If you need a secret-key MAC (message authentication code), prepend the secret key to the input, hash with SHAKE256 and read at least 32 bytes of output.
Security strengths ¶
The SHA3-x (x equals 224, 256, 384, or 512) functions have a security strength against preimage attacks of x bits. Since they only produce "x" bits of output, their collision-resistance is only "x/2" bits.
The SHAKE-256 and -128 functions have a generic security strength of 256 and 128 bits against all attacks, provided that at least 2x bits of their output is used. Requesting more than 64 or 32 bytes of output, respectively, does not increase the collision-resistance of the SHAKE functions.
The sponge construction ¶
A sponge builds a pseudo-random function from a public pseudo-random permutation, by applying the permutation to a state of "rate + capacity" bytes, but hiding "capacity" of the bytes.

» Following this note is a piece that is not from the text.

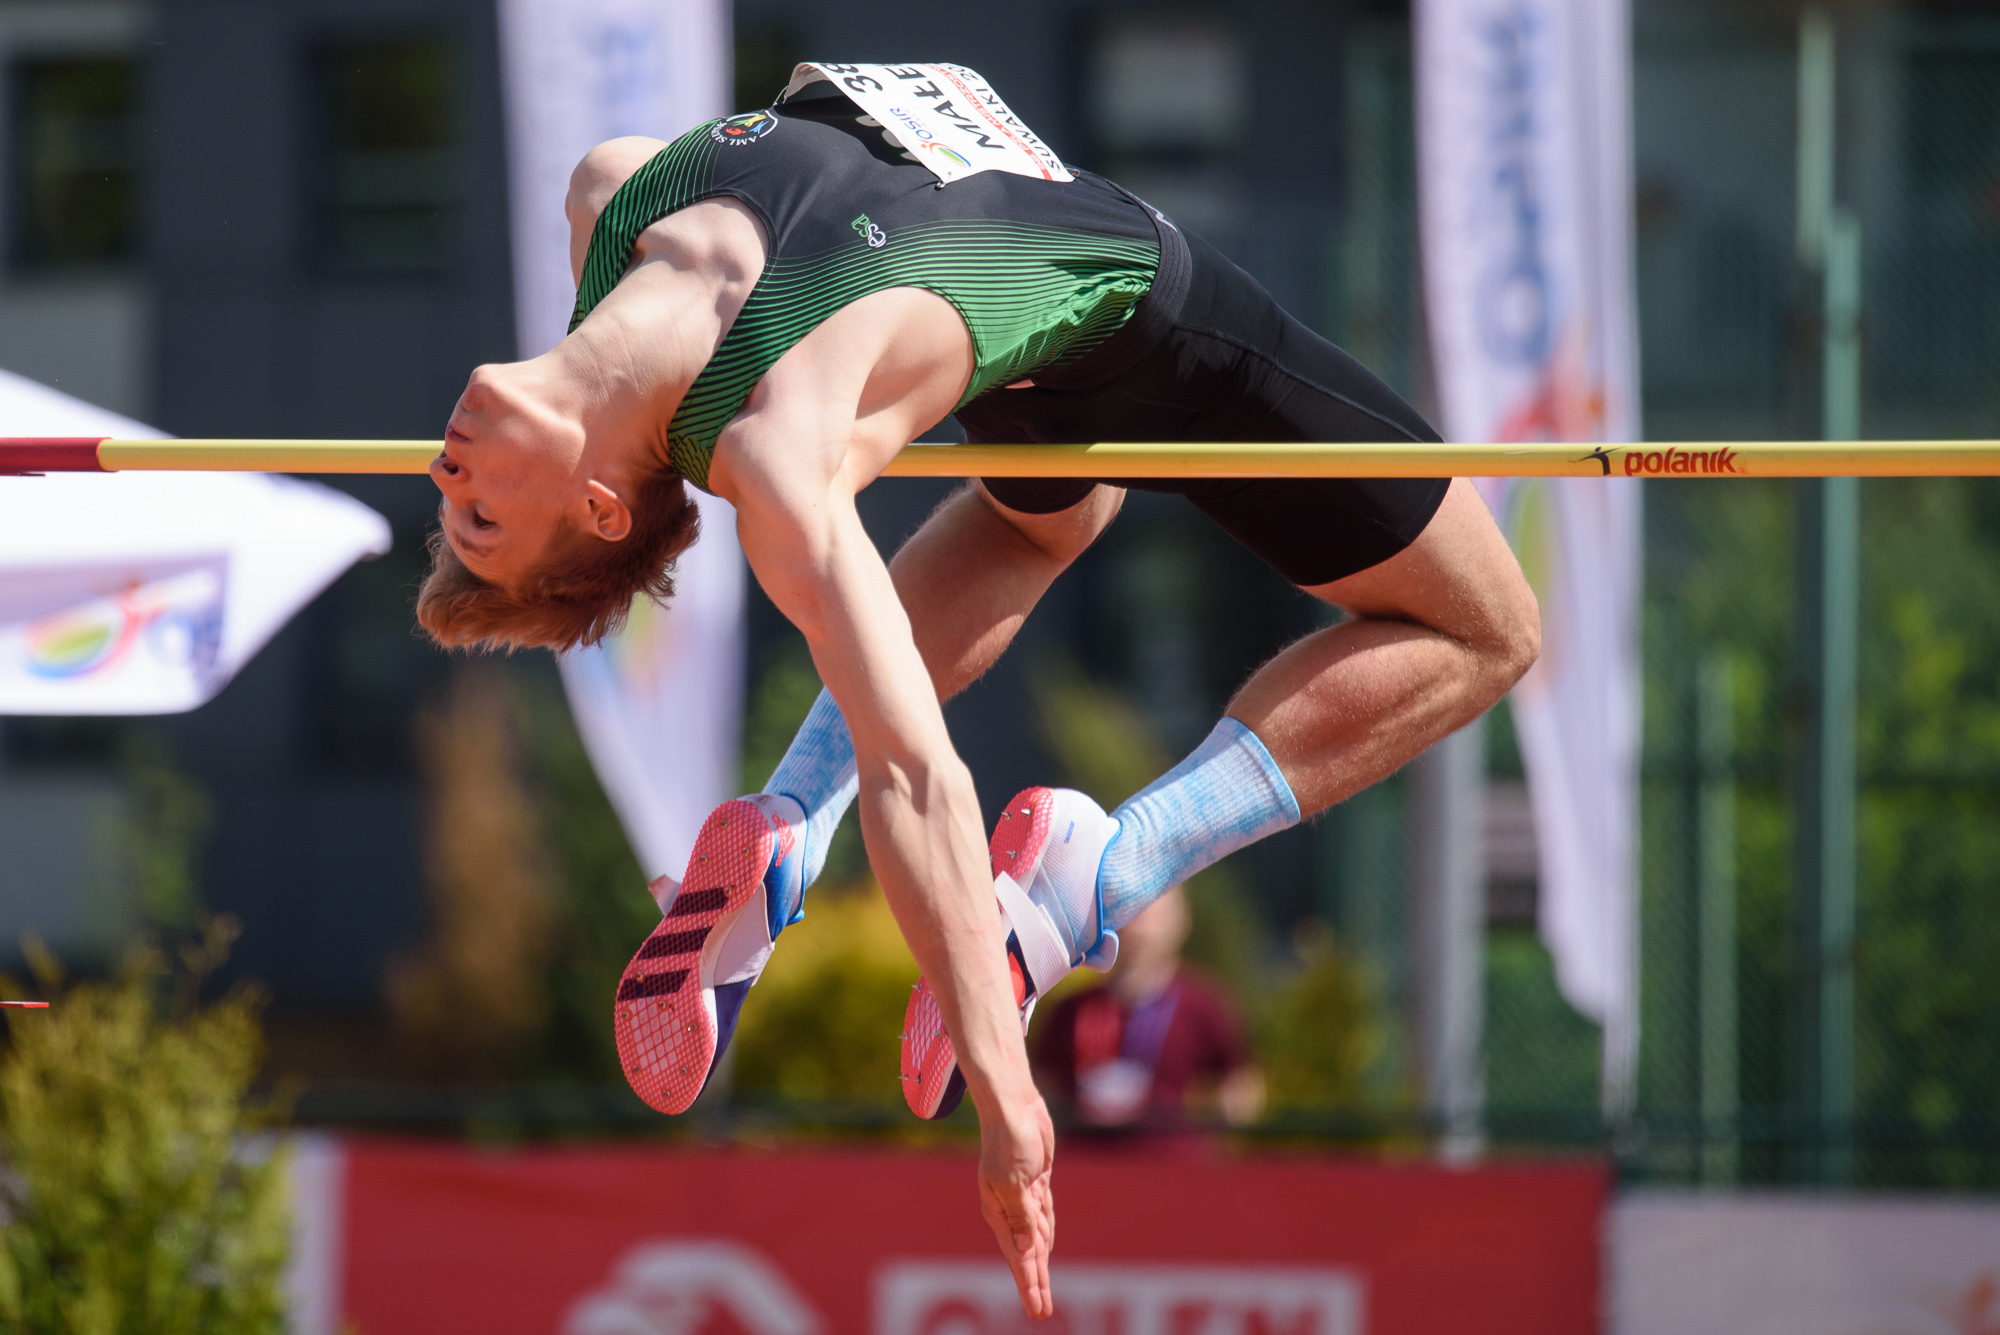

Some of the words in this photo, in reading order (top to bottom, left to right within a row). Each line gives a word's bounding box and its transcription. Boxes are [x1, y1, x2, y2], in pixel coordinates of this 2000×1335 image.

A sponge starts out with a zero state. To hash an input using a sponge, up to "rate" bytes of the input are XORed into the sponge's state. The sponge is then "full" and the permutation is applied to "empty" it. This process is repeated until all the input has been "absorbed". The input is then padded. The digest is "squeezed" from the sponge in the same way, except that output output is copied out instead of input being XORed in.
A sponge is parameterized by its generic security strength, which is equal to half its capacity; capacity + rate is equal to the permutation's width. Since the KeccakF-1600 permutation is 1600 bits (200 bytes) wide, this means that the security strength of a sponge instance is equal to (1600 - bitrate) / 2.
Recommendations ¶
The SHAKE functions are recommended for most new uses. They can produce output of arbitrary length. SHAKE256, with an output length of at least 64 bytes, provides 256-bit security against all attacks. The Keccak team recommends it for most applications upgrading from SHA2-512. (NIST chose a much stronger, but much slower, sponge instance for SHA3-512.)
The SHA-3 functions are "drop-in" replacements for the SHA-2 functions. They produce output of the same length, with the same security strengths against all attacks. This means, in particular, that SHA3-256 only has 128-bit collision resistance, because its output length is 32 bytes.
Example (Mac) ¶
k := []byte("this is a secret key; you should generate a strong random key that's at least 32 bytes long")
buf := []byte("and this is some data to authenticate")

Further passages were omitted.